((
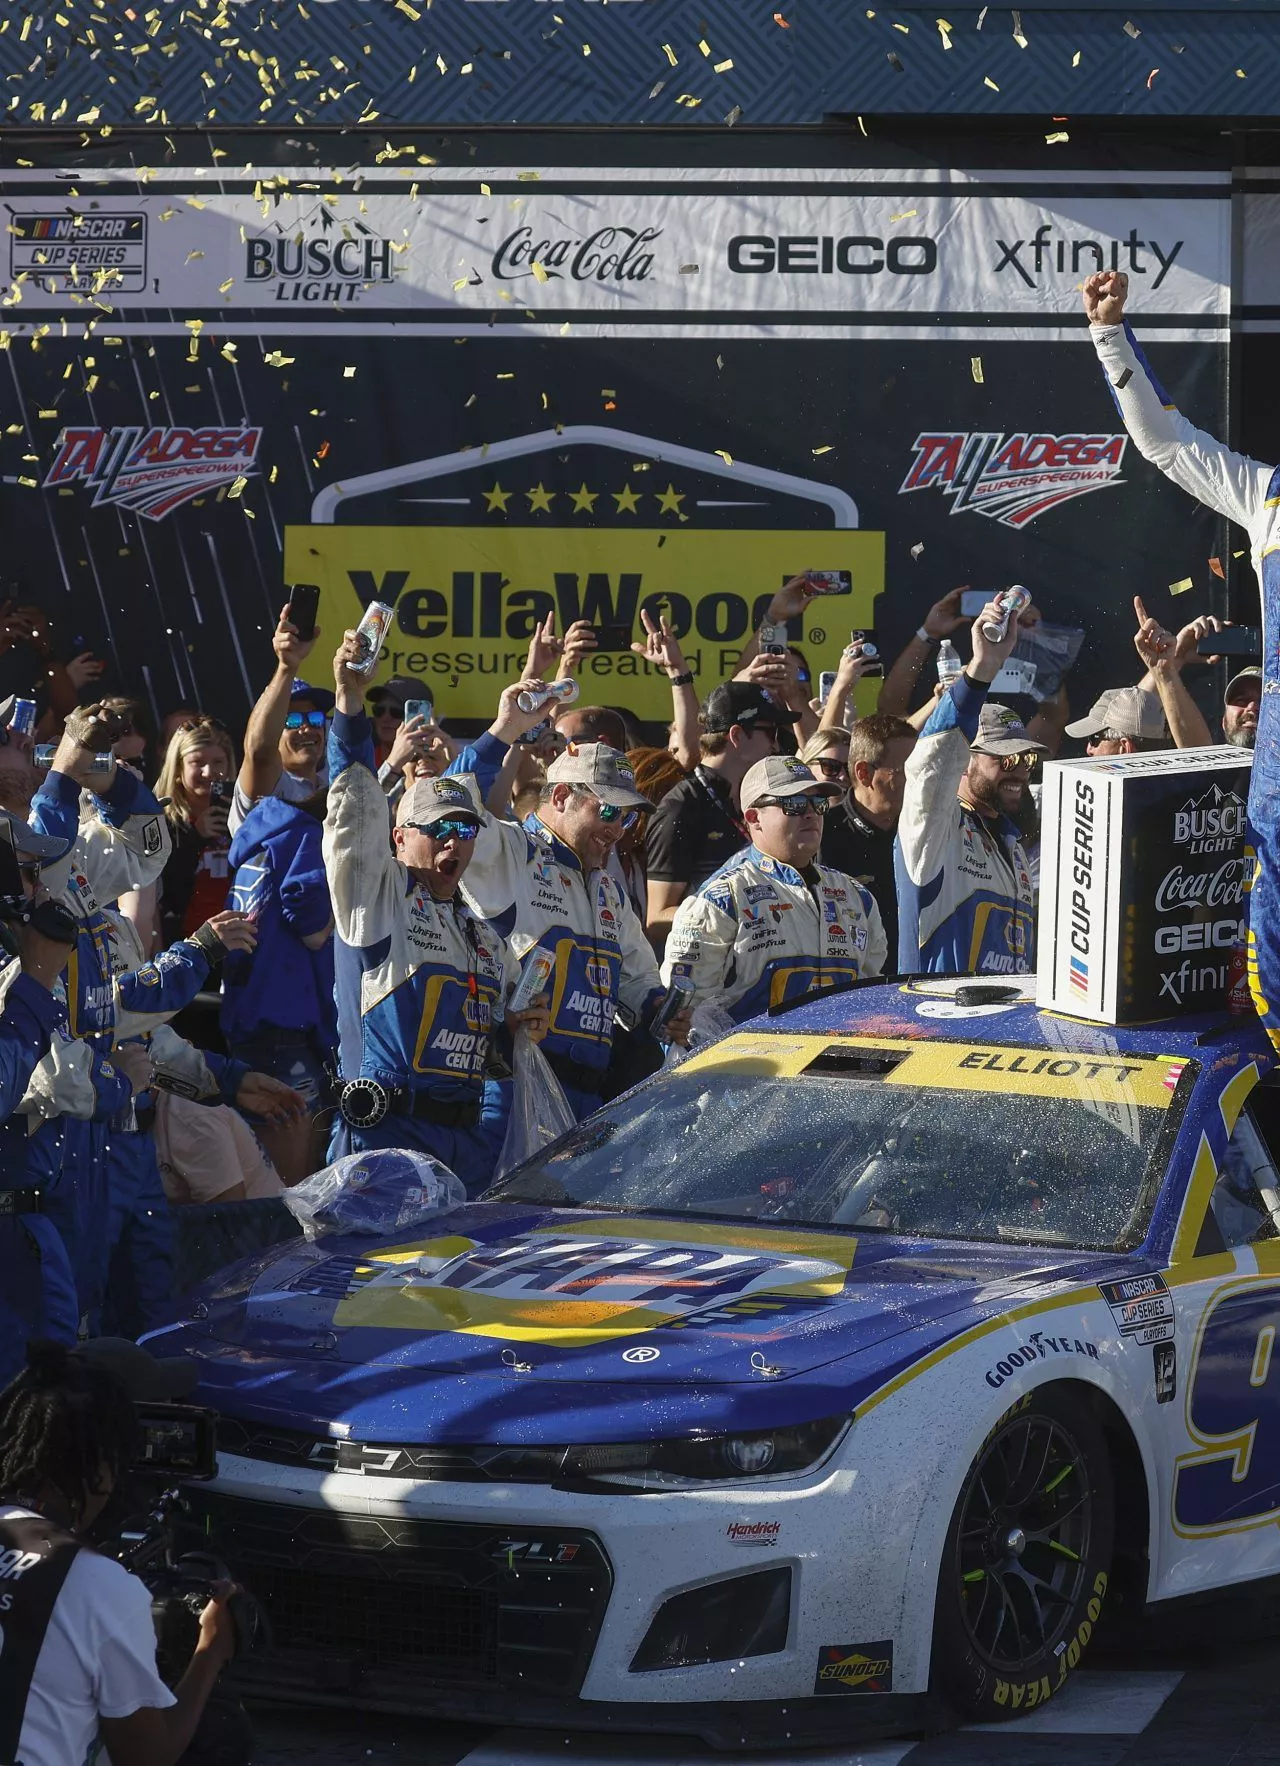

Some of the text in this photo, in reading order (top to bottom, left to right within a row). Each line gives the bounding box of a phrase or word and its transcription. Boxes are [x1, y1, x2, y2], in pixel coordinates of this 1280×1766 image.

[55, 219, 126, 238] NASCAR
[30, 247, 127, 265] CUP SERIES
[244, 237, 395, 283] BUSCH
[490, 226, 664, 284] Coca-Cola
[727, 234, 938, 275] GEICO
[993, 225, 1185, 290] xfinity
[64, 278, 125, 290] PLAYFFS
[274, 282, 359, 301] LIGHT
[44, 427, 263, 508] TALLADEGA
[115, 461, 251, 490] SUPERSPEEDWAY
[898, 432, 1129, 516] TALLADEGA
[973, 467, 1118, 496] SUPERSPEEDWAY
[1189, 838, 1236, 856] LIGHT
[1070, 779, 1095, 956] CUP SERIES
[1154, 858, 1245, 913] Coca-Co
[1159, 960, 1230, 1004] xfini
[956, 1052, 1143, 1083] ELLIOTT
[1122, 1278, 1157, 1299] NASCAR
[1121, 1300, 1165, 1322] CUP SERIES
[1143, 1326, 1167, 1341] PLAYOFFS
[985, 1331, 1101, 1389] GOODYEAR
[1157, 1350, 1176, 1394] 12
[727, 1521, 781, 1540] Hendrick
[492, 1541, 581, 1562] ZL1
[992, 1571, 1108, 1709] GOODYEAR
[820, 1660, 890, 1679] SUNOCO
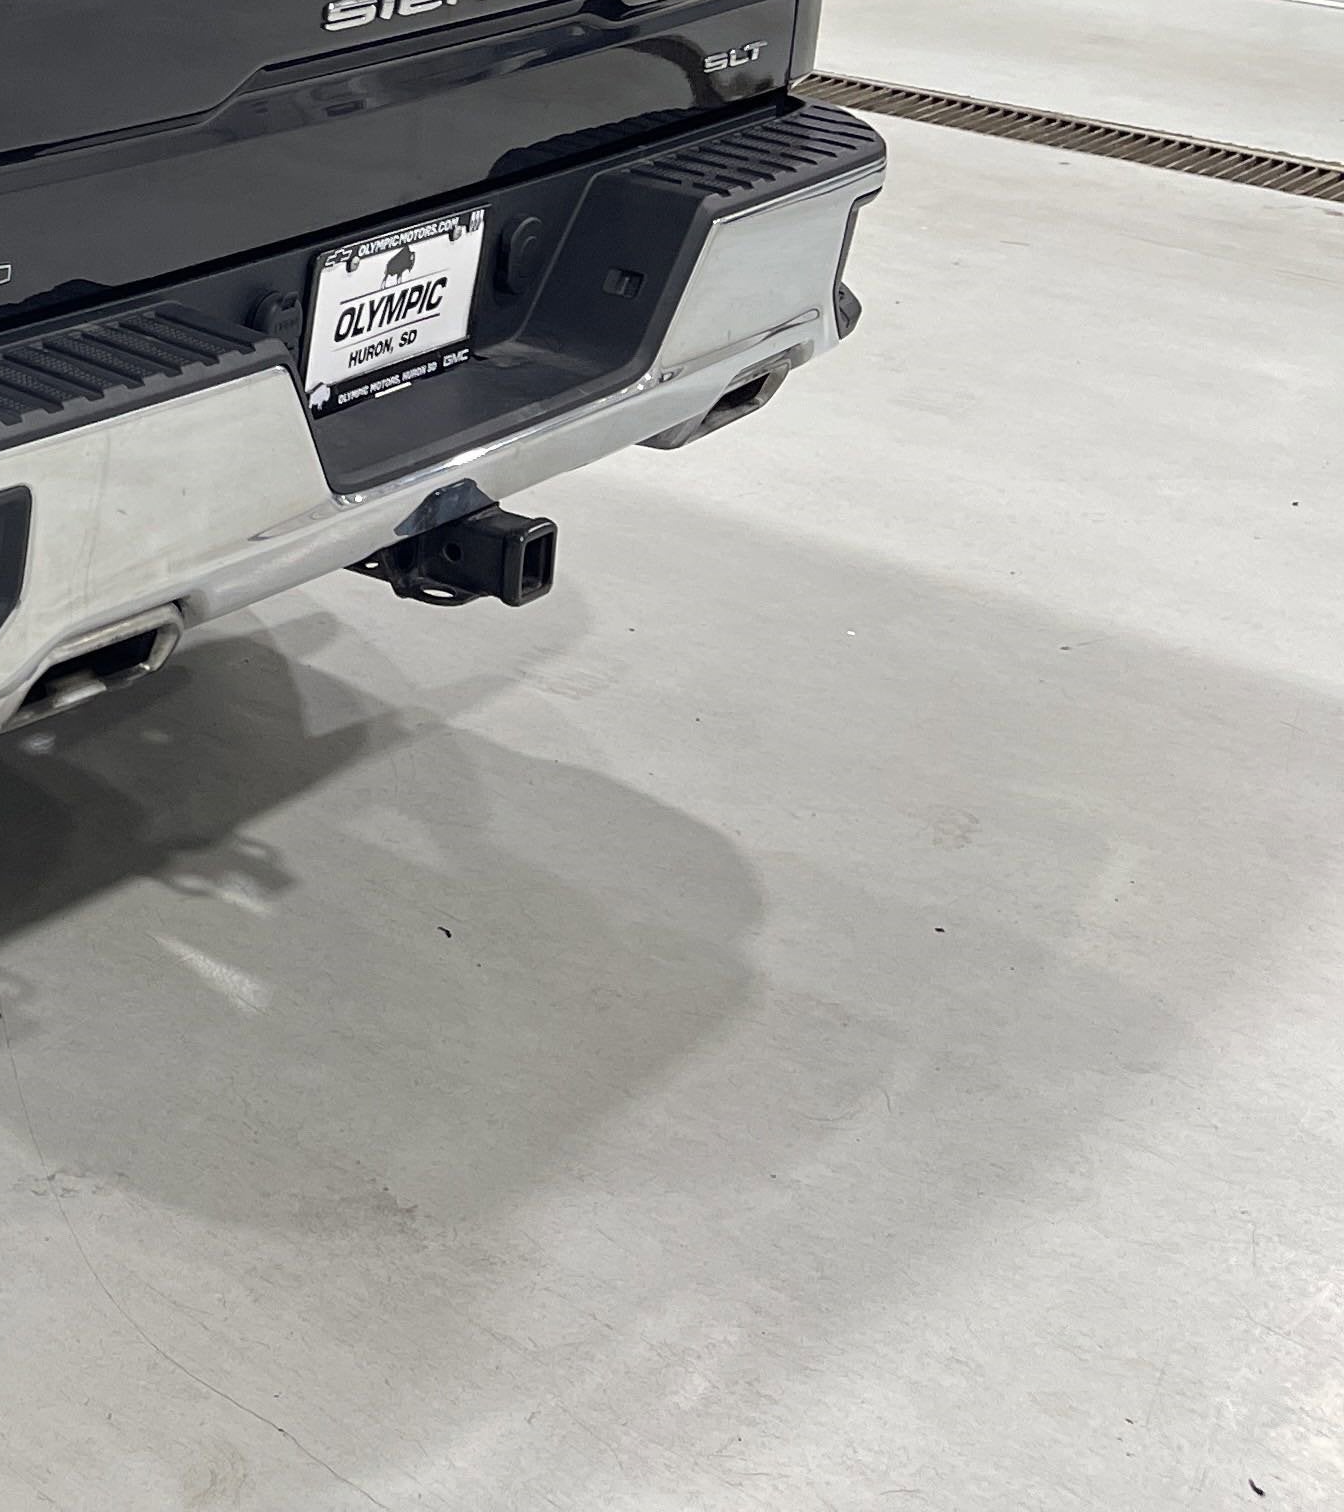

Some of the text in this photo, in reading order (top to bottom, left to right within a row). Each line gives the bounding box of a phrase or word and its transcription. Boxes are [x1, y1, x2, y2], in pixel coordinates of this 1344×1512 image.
))
• [Problem requirements] Give back every record exactly. Omit the pictures.

• [Finished exercise]
Some of the text in this photo, in reading order (top to bottom, left to right within a row). Each line gives the bounding box of a phrase or word and its transcription. Boxes are [x1, y1, x2, y2], in pixel coordinates of this 1280×1766 image.

[55, 219, 126, 238] NASCAR
[30, 247, 127, 265] CUP SERIES
[244, 237, 395, 283] BUSCH
[490, 226, 664, 284] Coca-Cola
[727, 234, 938, 275] GEICO
[993, 225, 1185, 290] xfinity
[64, 278, 125, 290] PLAYFFS
[274, 282, 359, 301] LIGHT
[44, 427, 263, 508] TALLADEGA
[115, 461, 251, 490] SUPERSPEEDWAY
[898, 432, 1129, 516] TALLADEGA
[973, 467, 1118, 496] SUPERSPEEDWAY
[1189, 838, 1236, 856] LIGHT
[1070, 779, 1095, 956] CUP SERIES
[1154, 858, 1245, 913] Coca-Co
[1159, 960, 1230, 1004] xfini
[956, 1052, 1143, 1083] ELLIOTT
[1122, 1278, 1157, 1299] NASCAR
[1121, 1300, 1165, 1322] CUP SERIES
[1143, 1326, 1167, 1341] PLAYOFFS
[985, 1331, 1101, 1389] GOODYEAR
[1157, 1350, 1176, 1394] 12
[727, 1521, 781, 1540] Hendrick
[492, 1541, 581, 1562] ZL1
[992, 1571, 1108, 1709] GOODYEAR
[820, 1660, 890, 1679] SUNOCO

Some of the text in this photo, in reading order (top to bottom, left to right within a row). Each line gives the bounding box of a phrase or word and its transcription. Boxes are [x1, y1, x2, y2], in pixel coordinates of this 1344×1512 image.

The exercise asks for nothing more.